■ **EXERCISE**
When you reach the line containing "this 960×1280 image.", start transcribing exactly and continue through the last line of the data, skipping every picture.

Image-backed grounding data
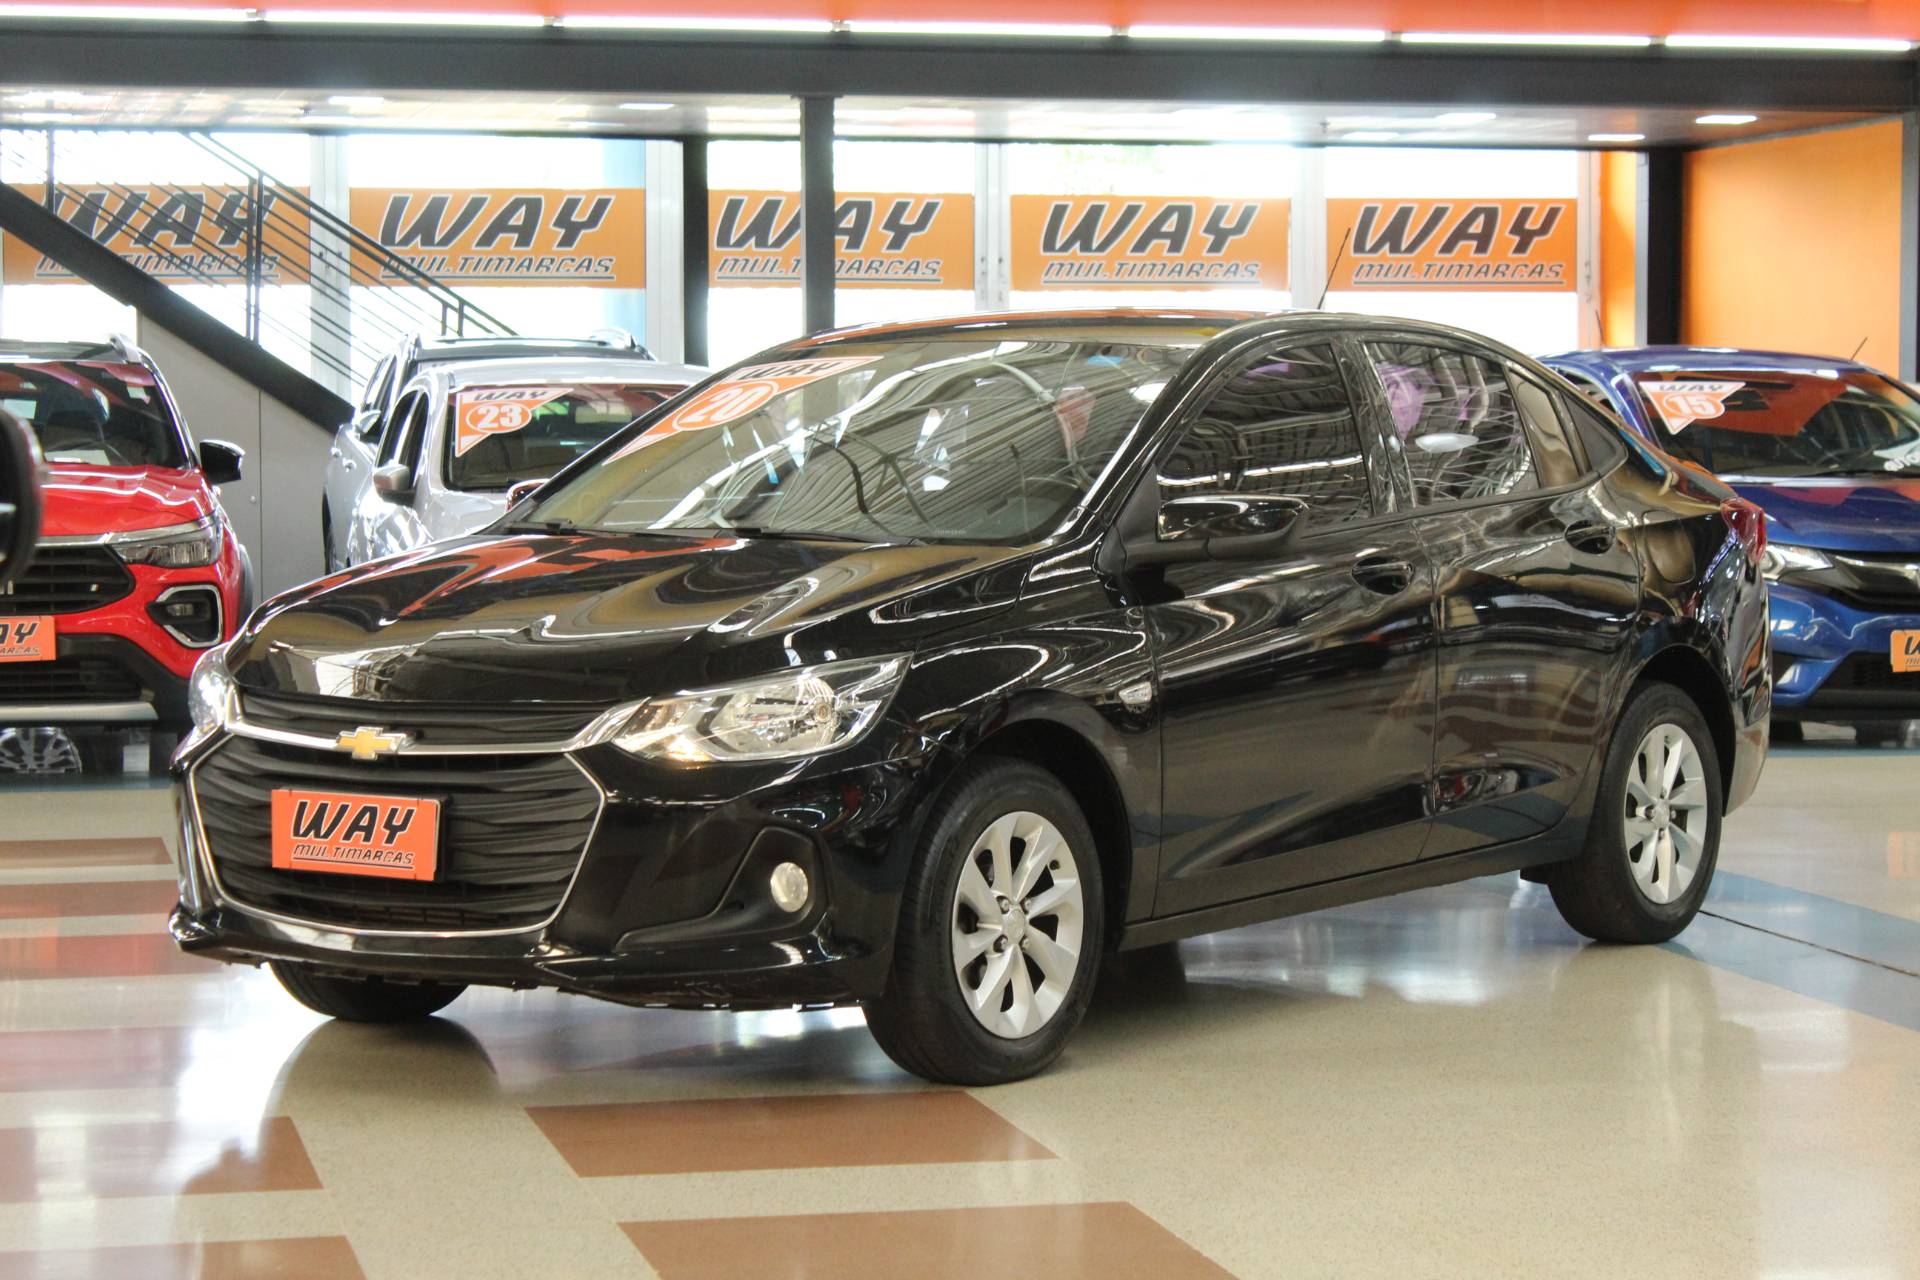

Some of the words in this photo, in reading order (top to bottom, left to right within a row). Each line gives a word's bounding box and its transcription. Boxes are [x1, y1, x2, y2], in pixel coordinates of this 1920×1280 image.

[380, 195, 614, 248] WAY
[716, 197, 942, 251] WAY
[1041, 203, 1258, 254] WAY
[1352, 205, 1563, 255] WAY
[383, 256, 614, 273] MULTIMARCAS
[718, 257, 941, 276] MULTARCAS
[1044, 262, 1260, 278] MULTIMARCAS
[1354, 263, 1564, 279] MULTIMARCAS
[739, 361, 842, 380] WAY
[473, 391, 548, 401] WAY
[679, 386, 773, 425] 20
[476, 404, 523, 430] 23
[292, 800, 416, 846] WAY
[292, 844, 415, 864] MULTIMARCAS
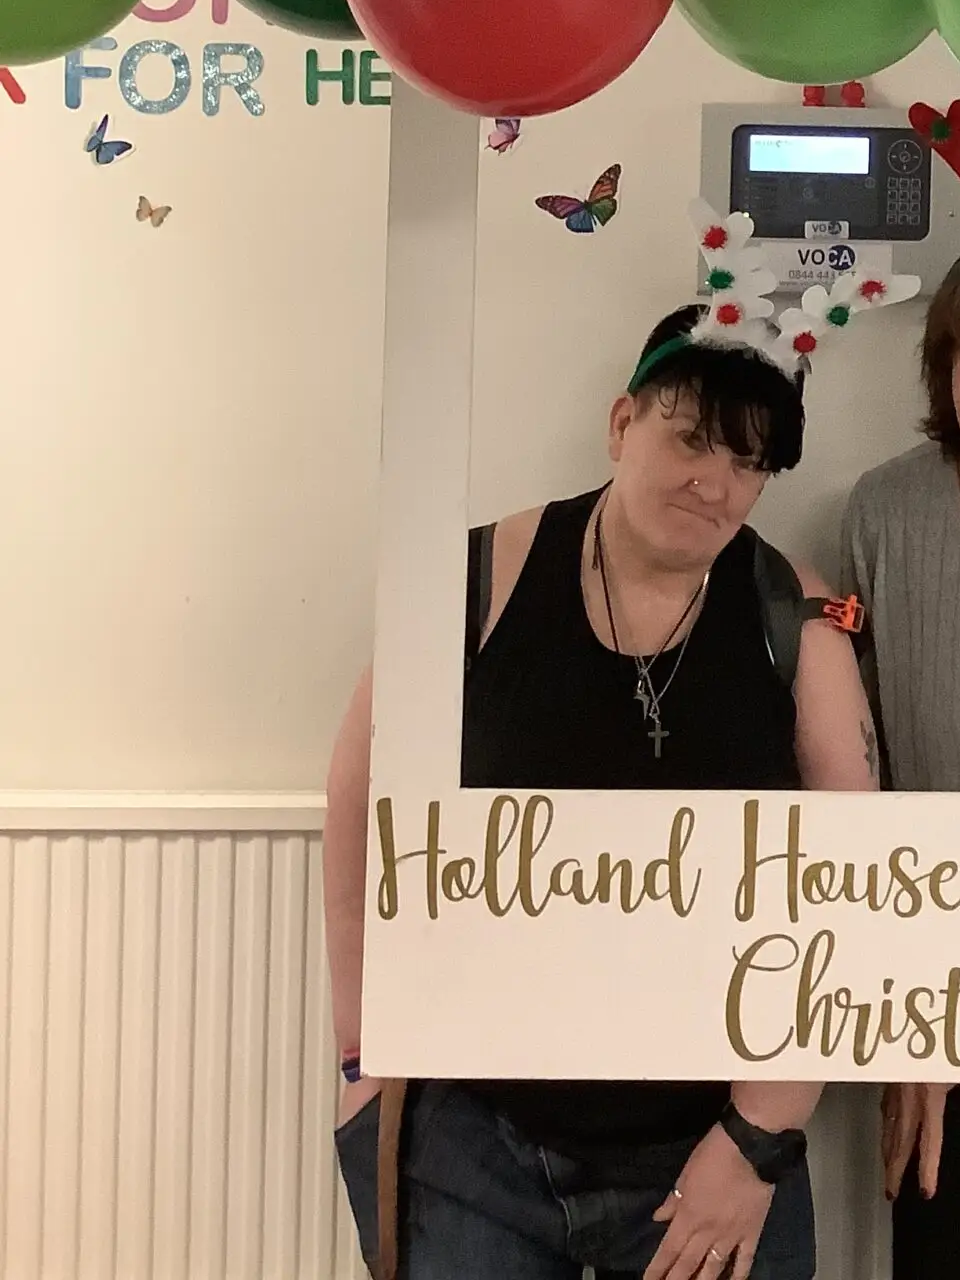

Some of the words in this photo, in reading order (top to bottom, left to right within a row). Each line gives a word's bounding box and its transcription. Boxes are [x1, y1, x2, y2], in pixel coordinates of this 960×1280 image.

[63, 35, 265, 117] FOR
[798, 246, 855, 268] VOCA
[376, 794, 702, 920] Holland
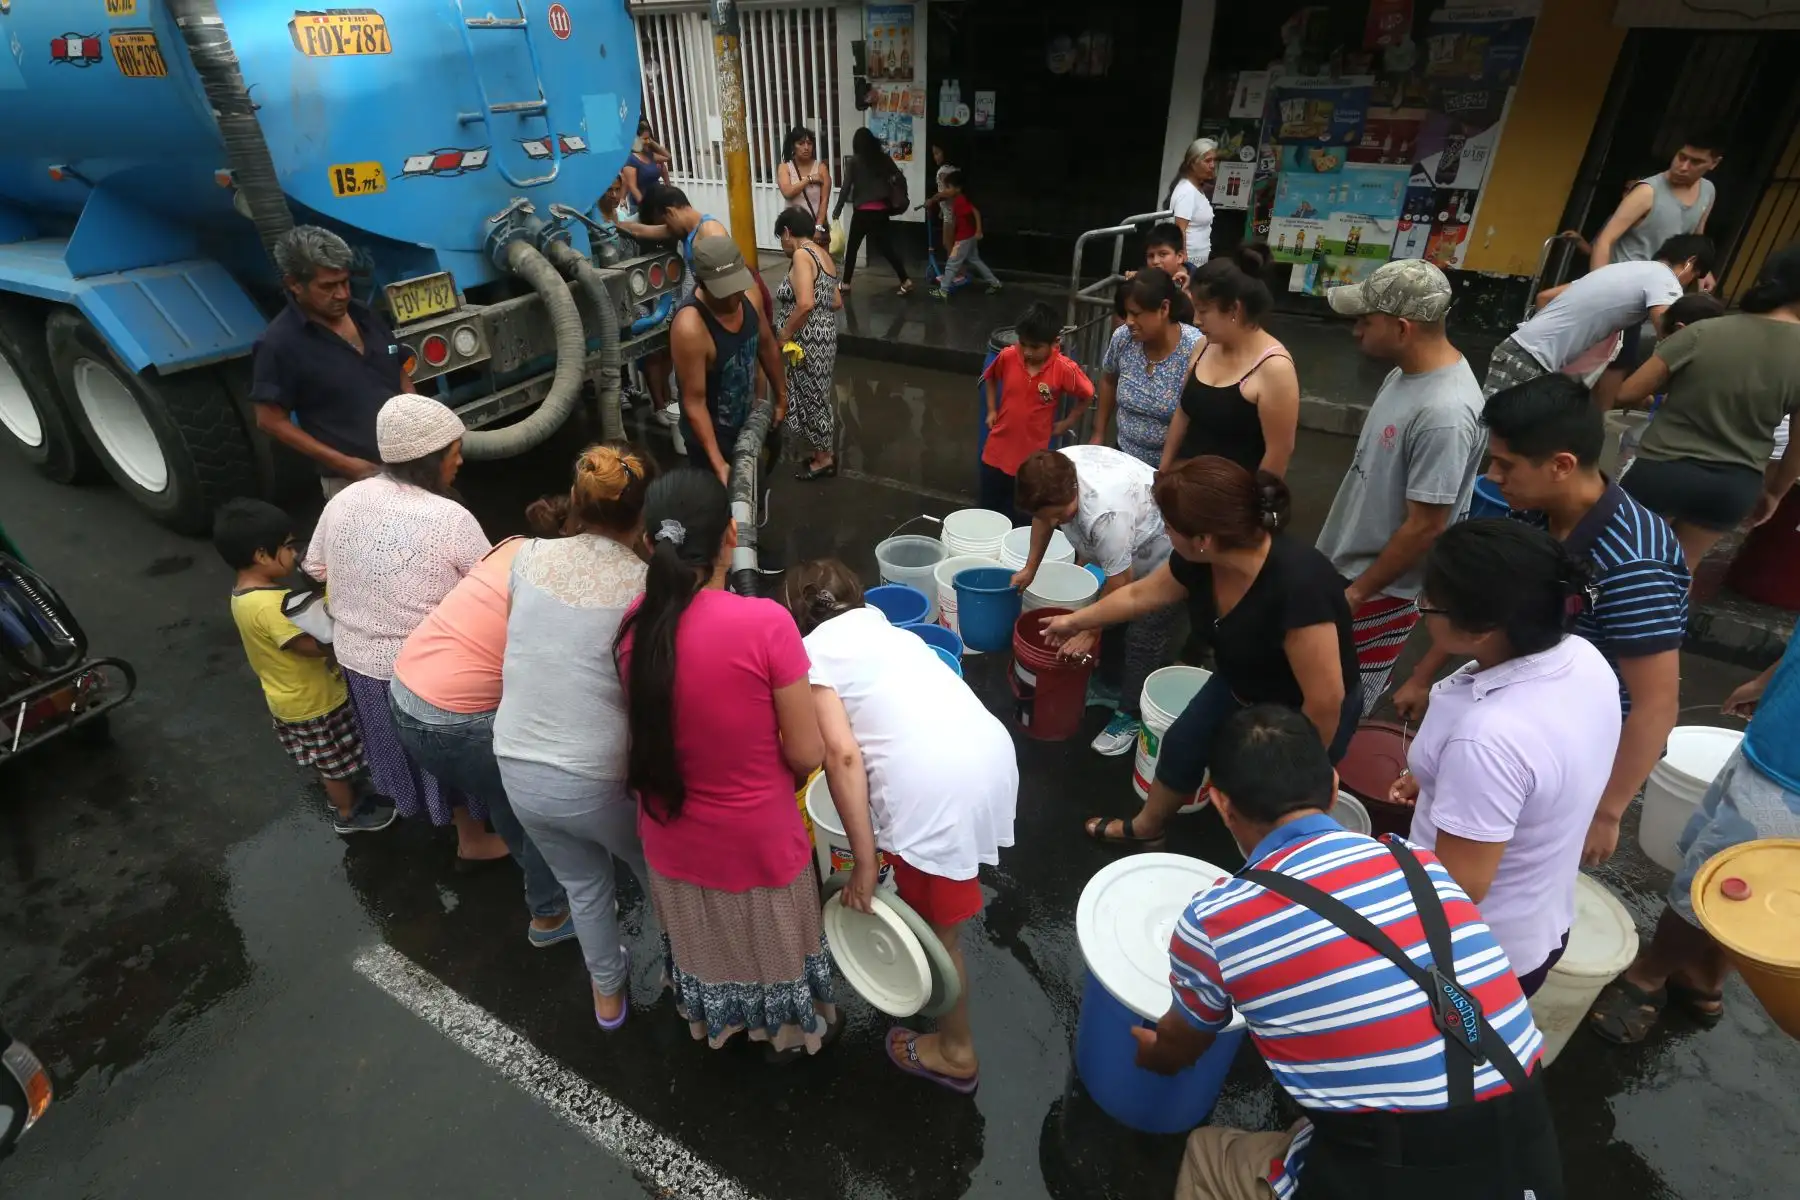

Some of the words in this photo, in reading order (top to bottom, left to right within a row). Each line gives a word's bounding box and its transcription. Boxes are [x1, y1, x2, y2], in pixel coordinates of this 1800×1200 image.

[550, 12, 569, 31] 111
[304, 25, 385, 55] FOY-787
[114, 45, 165, 77] FOY-787
[393, 282, 450, 317] FOY-787
[1443, 985, 1478, 1042] EXCLUSIVO

■ **SOLVED EXERCISE**
Some of the words in this photo, in reading order (top to bottom, left to right within a row). Each line gives a word's bounding box and its transcription. Boxes are [x1, y1, x2, y2], in pixel coordinates of this 960×1280 image.

[63, 35, 265, 117] FOR
[798, 246, 855, 268] VOCA
[376, 794, 702, 920] Holland

Some of the words in this photo, in reading order (top to bottom, left to right within a row). Each line gives a word's bounding box and its transcription. Boxes are [x1, y1, x2, y2], in pixel coordinates of this 1800×1200 image.

[550, 12, 569, 31] 111
[304, 25, 385, 55] FOY-787
[114, 45, 165, 77] FOY-787
[393, 282, 450, 317] FOY-787
[1443, 985, 1478, 1042] EXCLUSIVO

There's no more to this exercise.